Initiative Calls for Students to Chime In

(Reprinted with permission from The Battalion)  By Megan Rodriguez
Kaitlyn-Kellermeyer-650The wind chimes initiative will make another stride in helping those with disabilities after three semesters of work from economics senior Kaitlyn Kellermeyer, members of the Student Government Association and the Texas A&M administration.

The wind chimes initiative is a push by students in the visually impaired community and SGA to install wind chimes at locations around Texas A&M to aid those with impaired vision as they navigate campus. The chimes were paid for and installed Dec. 10, and now a new initiative spearheaded by Kellermeyer and SGA members hopes to see student organizations “adopt” the wind chimes to raise money for a local disabilities non-profit.

The new project will seek student organizations who want to symbolically adopt a chime — the groups will donate a flat fee to the project and check on their chime periodically to ensure it is not damaged or missing. The money donated through the program will go towards the Brazos Valley Center for Independent Living, a non-profit organization which works to promote the inclusion of people with disabilities.

The challenge of navigating Texas A&M’s Campus is magnified for students with visual impairments like Kellermeyer, who lost her sight nearly two years ago. Beginning in the fall of 2014, Kellermeyer began working with SGA to have wind chimes hung up around campus to aid the visually impaired.

“Sponsors for a wind chime put up the money to fund the initial purchase of the chime, whereas the Adopt-a-Wind-Chime program is something that we are going to implement,” Kellermeyer said.

Kellermeyer brought the original idea of putting wind chimes on campus to political science senior and student senator Joseph Hood, who wrote the Visual Impairment Aid Bill. The bill called for truncated sidewalk domes to be placed at the north end of Military Walk and suggested 10 locations for the chime’s installment. It also asked that braille plates be placed at the ventrance of rooms in the Peterson Building.
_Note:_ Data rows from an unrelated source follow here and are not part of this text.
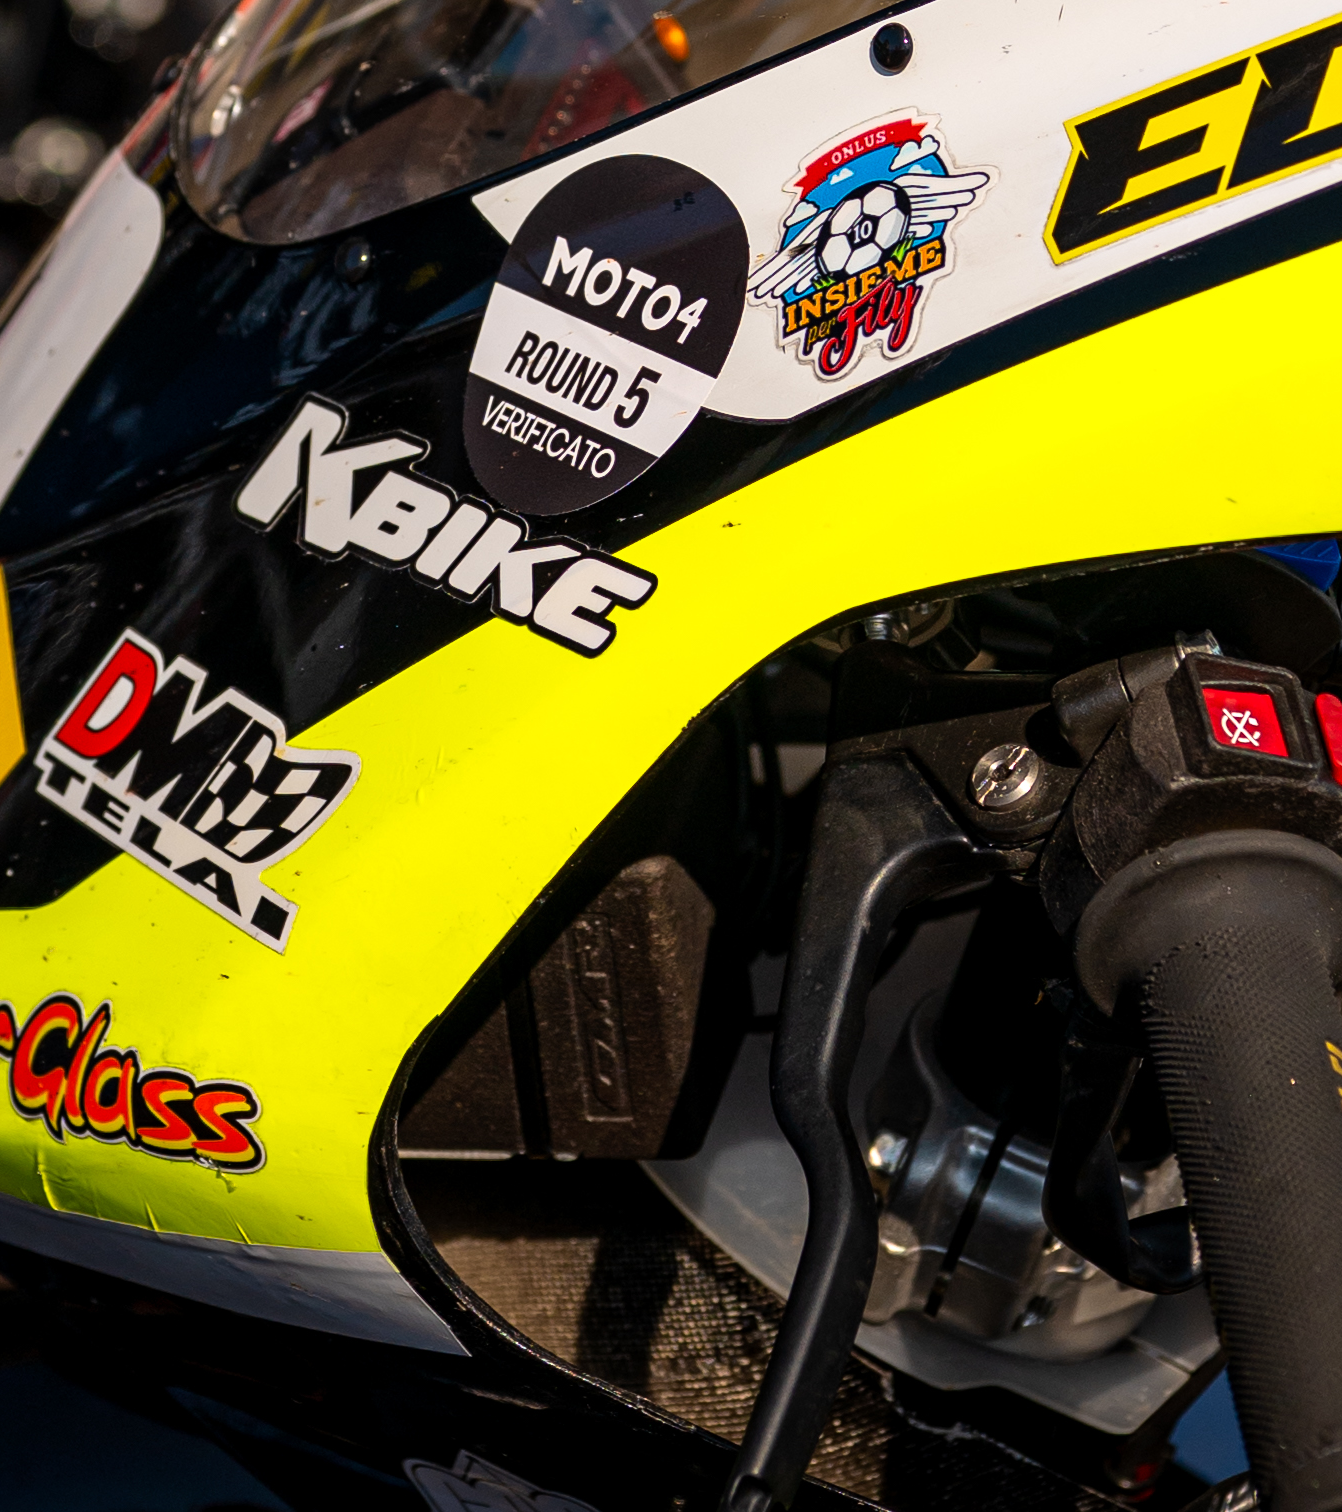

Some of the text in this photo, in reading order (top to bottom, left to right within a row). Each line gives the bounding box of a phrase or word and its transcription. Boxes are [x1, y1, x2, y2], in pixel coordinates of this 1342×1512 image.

[830, 130, 886, 166] ONLUS
[852, 220, 872, 244] 10
[542, 235, 708, 345] MOTO4
[785, 239, 942, 333] INSIEME
[818, 275, 924, 374] Fily
[504, 330, 663, 429] ROUND 5
[482, 395, 616, 478] VERIFICATO
[236, 403, 653, 650] KBIKE
[43, 750, 291, 942] TELAI
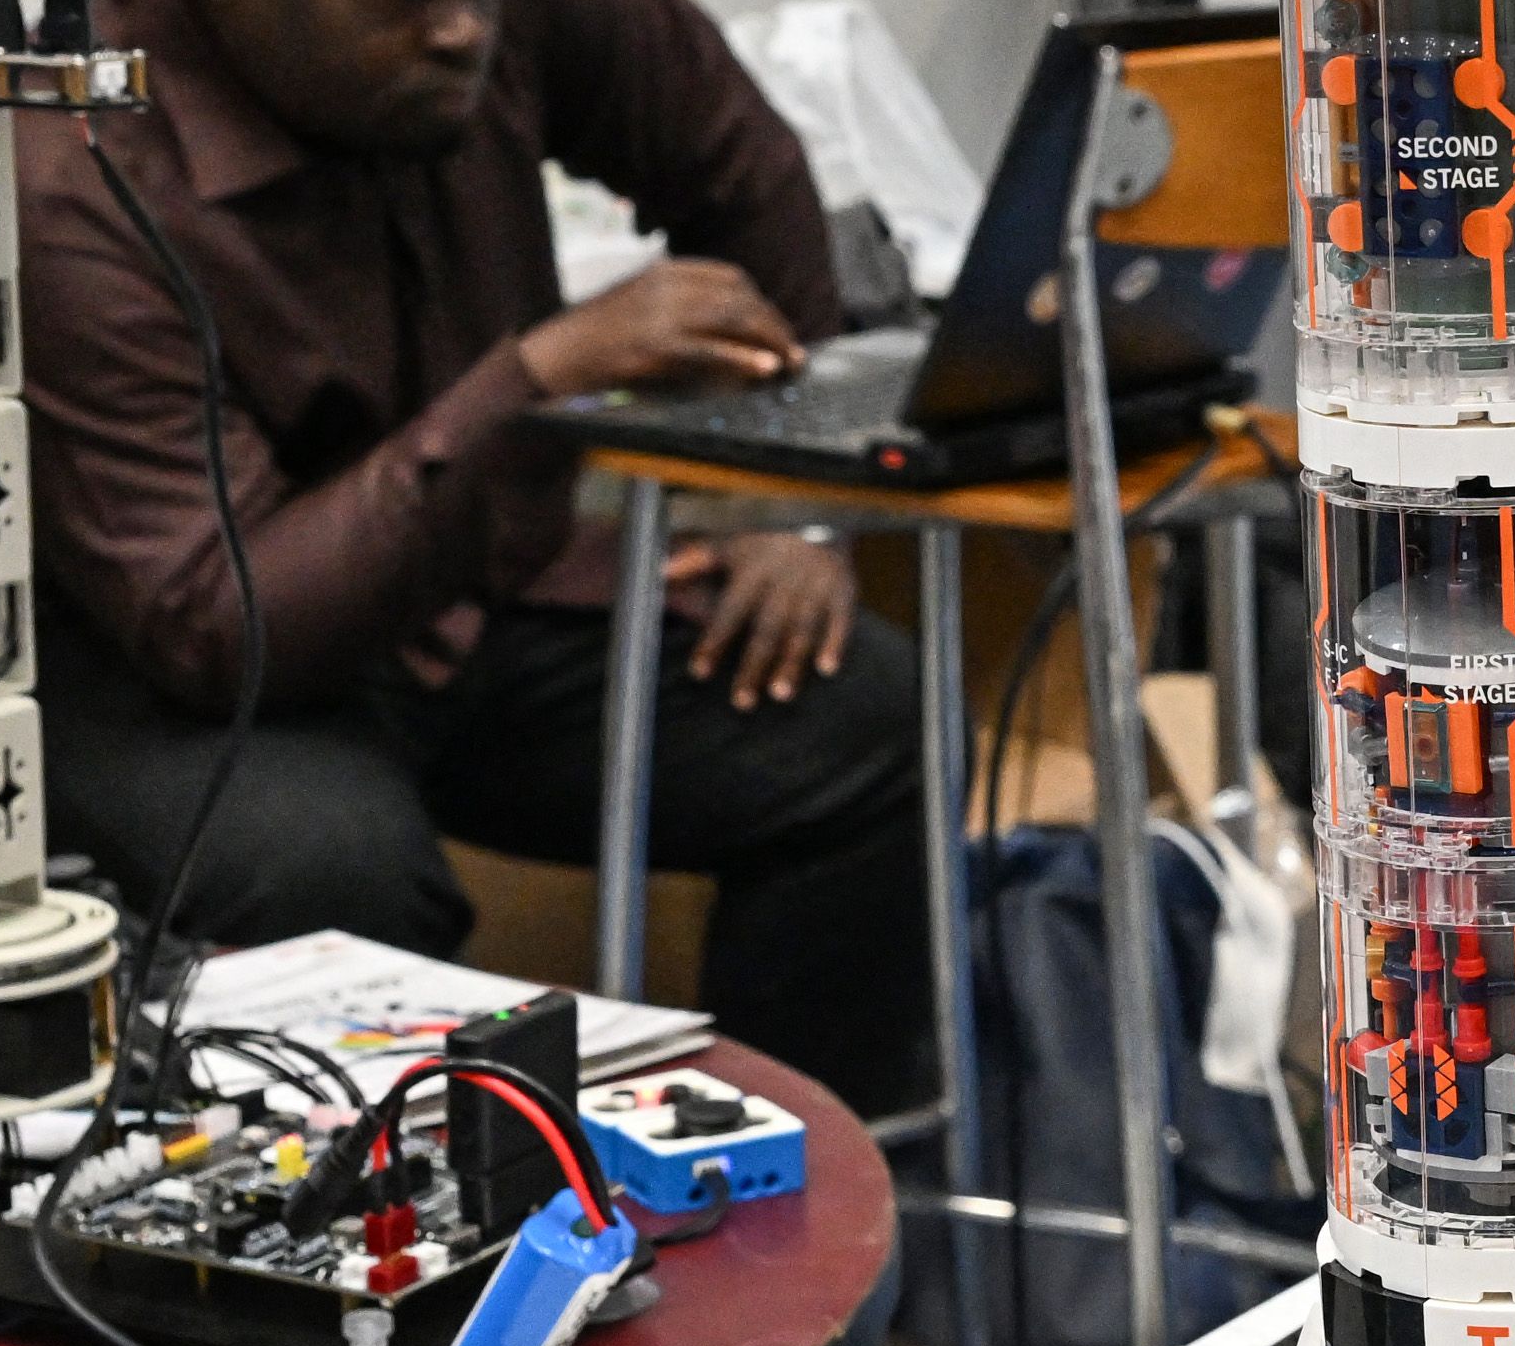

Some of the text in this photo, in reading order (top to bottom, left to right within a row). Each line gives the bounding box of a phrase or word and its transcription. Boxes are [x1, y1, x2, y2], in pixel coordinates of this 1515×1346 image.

[1397, 135, 1498, 159] SECOND
[1423, 166, 1500, 190] STAGE
[1323, 638, 1349, 664] S-IC
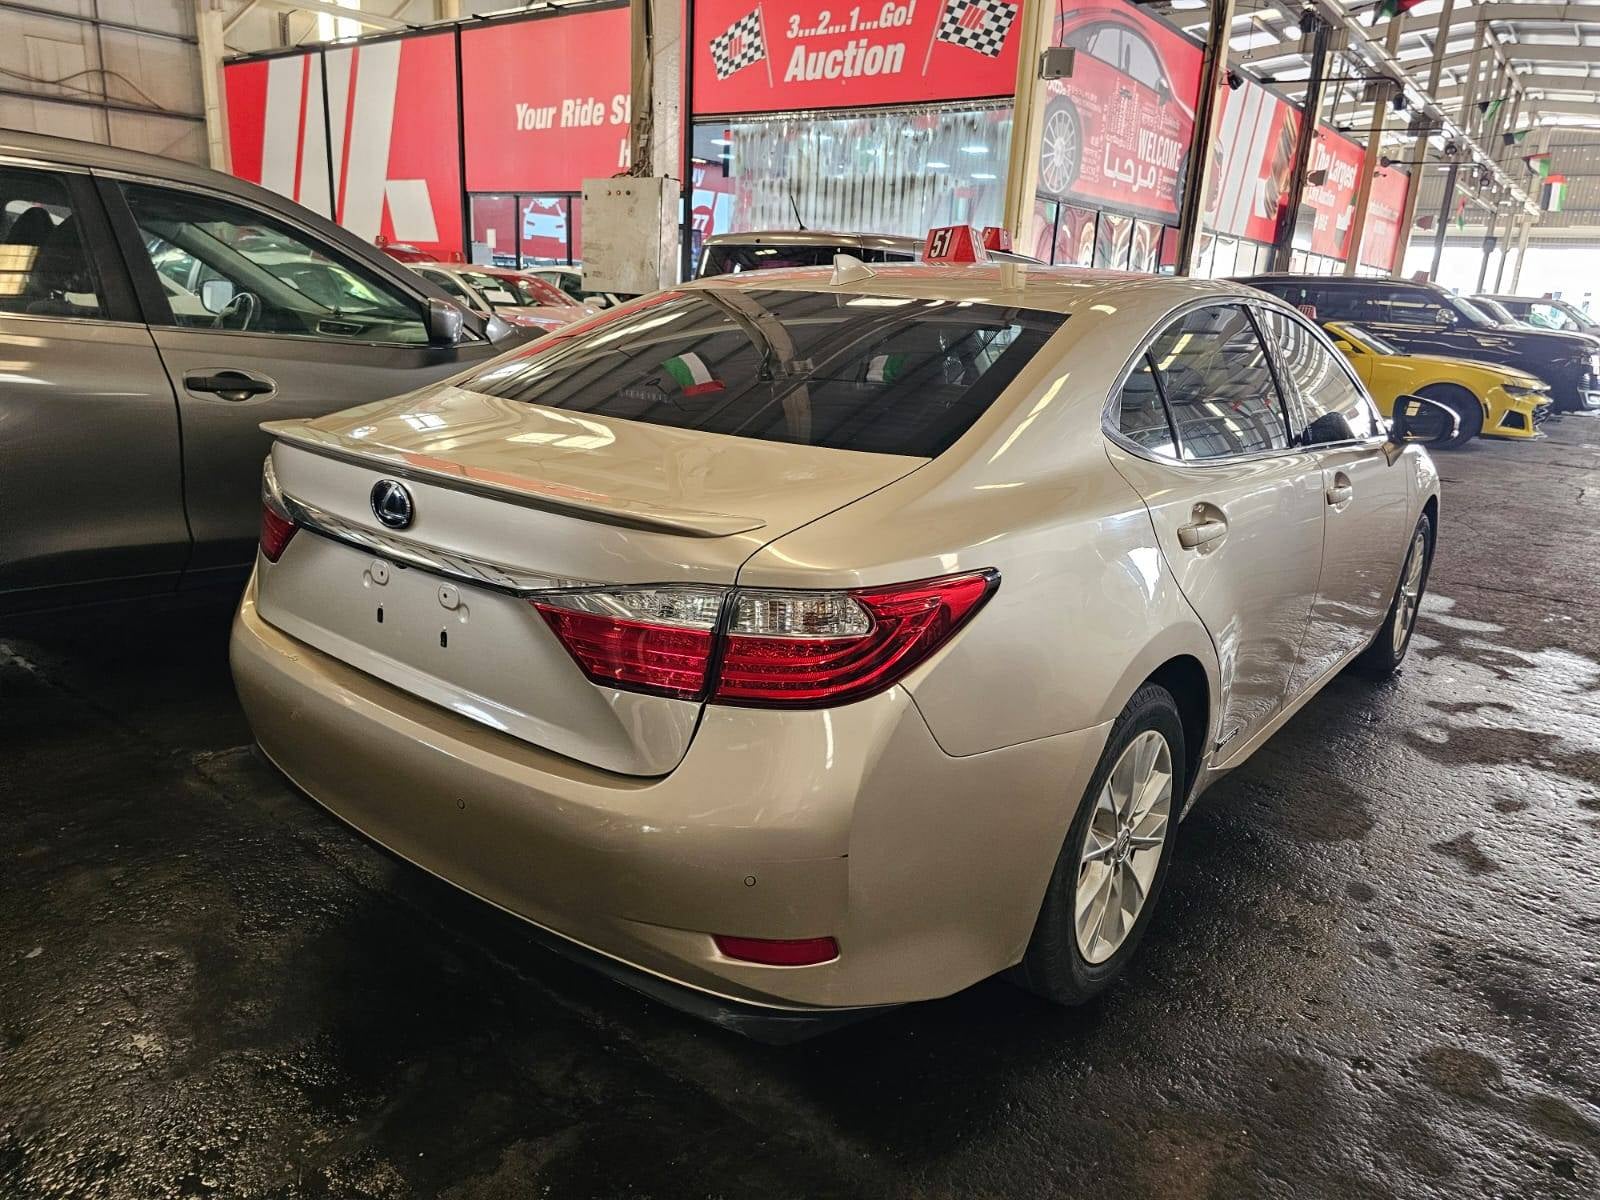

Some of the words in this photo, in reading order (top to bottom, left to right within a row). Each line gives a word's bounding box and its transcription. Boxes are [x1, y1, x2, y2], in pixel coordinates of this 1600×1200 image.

[784, 38, 906, 83] Auction
[515, 102, 558, 131] Your
[560, 97, 606, 128] Ride
[1103, 142, 1156, 192] مرحبا
[1138, 127, 1182, 172] WELCOME
[930, 228, 954, 258] 51
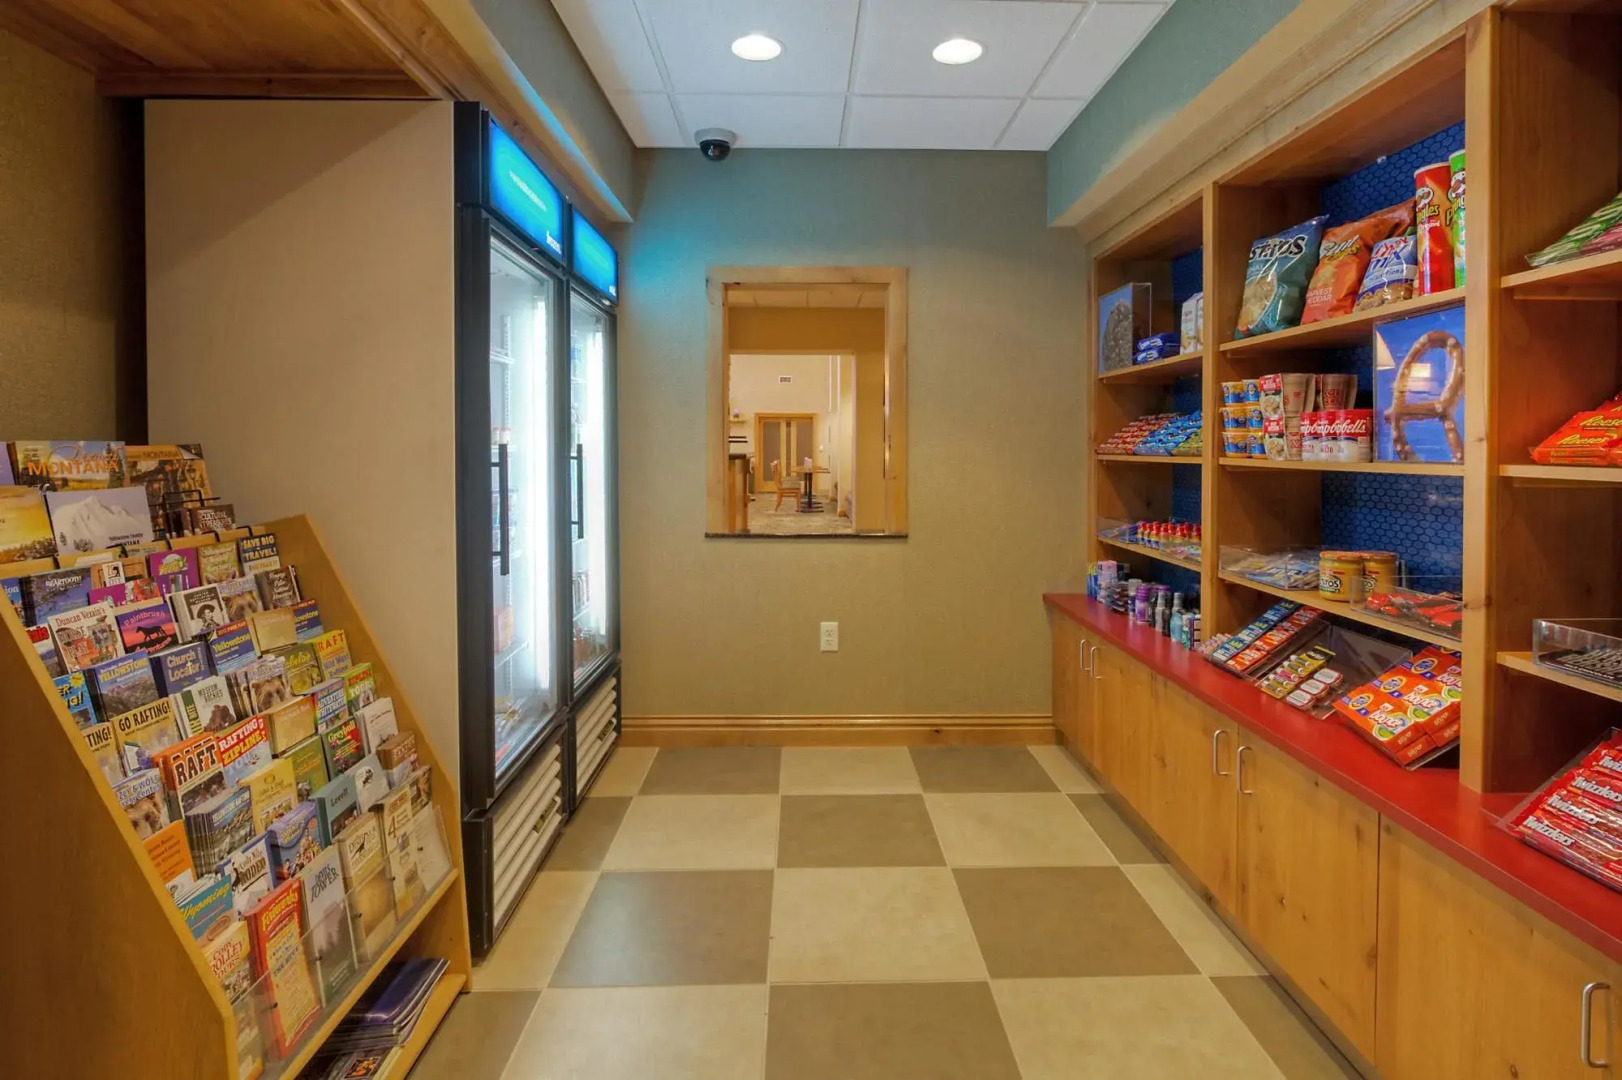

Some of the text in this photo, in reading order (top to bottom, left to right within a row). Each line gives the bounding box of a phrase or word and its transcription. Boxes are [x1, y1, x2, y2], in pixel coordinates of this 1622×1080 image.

[28, 460, 119, 476] MONTANA
[55, 606, 106, 628] Duncan Vezain's
[123, 610, 166, 627] Paintbrush
[317, 632, 345, 652] RAFT
[167, 649, 197, 667] Church
[119, 717, 131, 732] GO
[133, 700, 171, 726] RAFTING!
[327, 719, 357, 743] Greybull
[218, 718, 258, 752] RAFTING
[222, 731, 262, 766] ZIPLINE
[175, 742, 217, 787] RAFT
[1547, 794, 1600, 825] Twizzlers
[1522, 815, 1576, 846] Twizzlers
[311, 867, 340, 903] TOWER
[181, 883, 230, 920] Wyoming
[212, 940, 243, 976] ROLLEY
[213, 941, 232, 961] CODY
The bill passed in the fall of 2014 and was signed by former interim A&M president Mark Hussey in March of 2015. Hood said the Adopt-a-Wind-Chime program will now serve as another step towards making campus more navigable for students with disabilities.

“The idea is that this is the first step in a process that will lead to even better ways to navigate campuses not only here at A&M but other parts of the country,” Hood said. “We believe that this has made a difference and will continue to do so, but it is not the end.”

The wind chime initiative hit a lag when a leadership change delayed the initiative by several months and pushed its completion past the initial target date in the 2015 spring semester.

Despite the delay, the wind chime initiative continued to gather support. One of the members of the administration who wanted to help was Aggie Honor System Office Director Timothy Powers, who read about the wind chimes in The Battalion and immediately contacted Kellermeyer to see how he could help. This led to the Aggie Honor System Office sponsoring eight of the 10 wind chimes that have been put up around campus.

“What I would encourage students who are trying to take on a project of this nature is to approach faculty and staff … because we might have knowledge of resources that students can access,” Powers said.